Ce jour-là au matin, l'Assemblée écoutait le discours de Boissy d'Anglas — Boissy-Famine, disait-on dans les faubourgs parce qu'il avait la charge des subsistances et n'y pouvait suffire. Depuis une heure, la foule s'accumulait ; au moment où Boissy disait : Nous avons rétabli la liberté, elle enfonça la porte, criant : Du pain ! Ce n'était pas la dernière fois que les deux mots s'opposaient.

La Convention était surprise : elle se leva, criant : Vice la République ! Mais les policiers répétaient depuis plusieurs jours que la République elle-même était fort malmenée par les gens affamés — s'entend la République en exercice. Merlin de Thionville crut avoir beaucoup fait en allant embrasser les femmes. Celles-ci qui, à la vérité, ne savaient trop ce qu'elles voulaient, tourbillonnaient. Des députés Montagnards eux-mêmes — les Crétois, comme on disait de la nouvelle Extrême-Gauche, crête de la Montagne — étaient surpris et décontenancés. Mes amis, criait l'un d'eux, Gaston, vous voulez du pain et la liberté des patriotes, vous l'aurez, mais filez, parce qu'on suffoque ! Des gens inquiétants se mêlaient aux femmes, la poitrine débraillée et les bras nus, dit un témoin.
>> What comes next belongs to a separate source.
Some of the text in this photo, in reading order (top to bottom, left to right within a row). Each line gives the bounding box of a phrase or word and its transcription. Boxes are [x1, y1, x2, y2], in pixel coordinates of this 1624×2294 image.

Legendre, qui, de ses exploits révolutionnaires, gardait dans la réaction une vigueur extrême, était sorti pour chercher des défenseurs. L'ex-boucher était fort lié avec les muscadins ; il les assembla ; soudain, ils débouchèrent, armés de fouets et de bâtons et suivis de quelques gendarmes. Ce fut une belle chasse à coups de matraque, les malheureux pétitionnaires dégringolant les degrés ou se terrant dans les bancs de la Montagne ; en un instant la place fut nette. Le bataillon doré avait vaincu. Par surcroît, le général Pichegru s'était rencontré comme par hasard : on l'investit du commandement de la force armée de Paris. L'Assemblée était sauvée.
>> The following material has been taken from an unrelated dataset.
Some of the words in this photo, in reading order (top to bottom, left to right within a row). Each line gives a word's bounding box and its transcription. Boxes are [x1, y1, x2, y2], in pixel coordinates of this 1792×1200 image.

Naturellement, elle entendit sévir, ayant eu peur. Tout d'abord Collot et les autres accusés seraient déportés sans débats ni jugement : huit Crétois, qui semblaient avoir pactisé avec l'émeute, seraient emmenés hors de Paris. Et comme la foule arrêtait les voitures, Pichegru dut intervenir. A coups de baïonnettes, on dégagea le convoi qui emmenait vers le bagne les derniers débris du grand Comité. Le 13, le général vint dire à l'Assemblée : Représentants, vos décrets sont exécutés , et ce soldat fut admis aux honneurs de la séance. Ce fut le premier pas dans une voie dangereuse.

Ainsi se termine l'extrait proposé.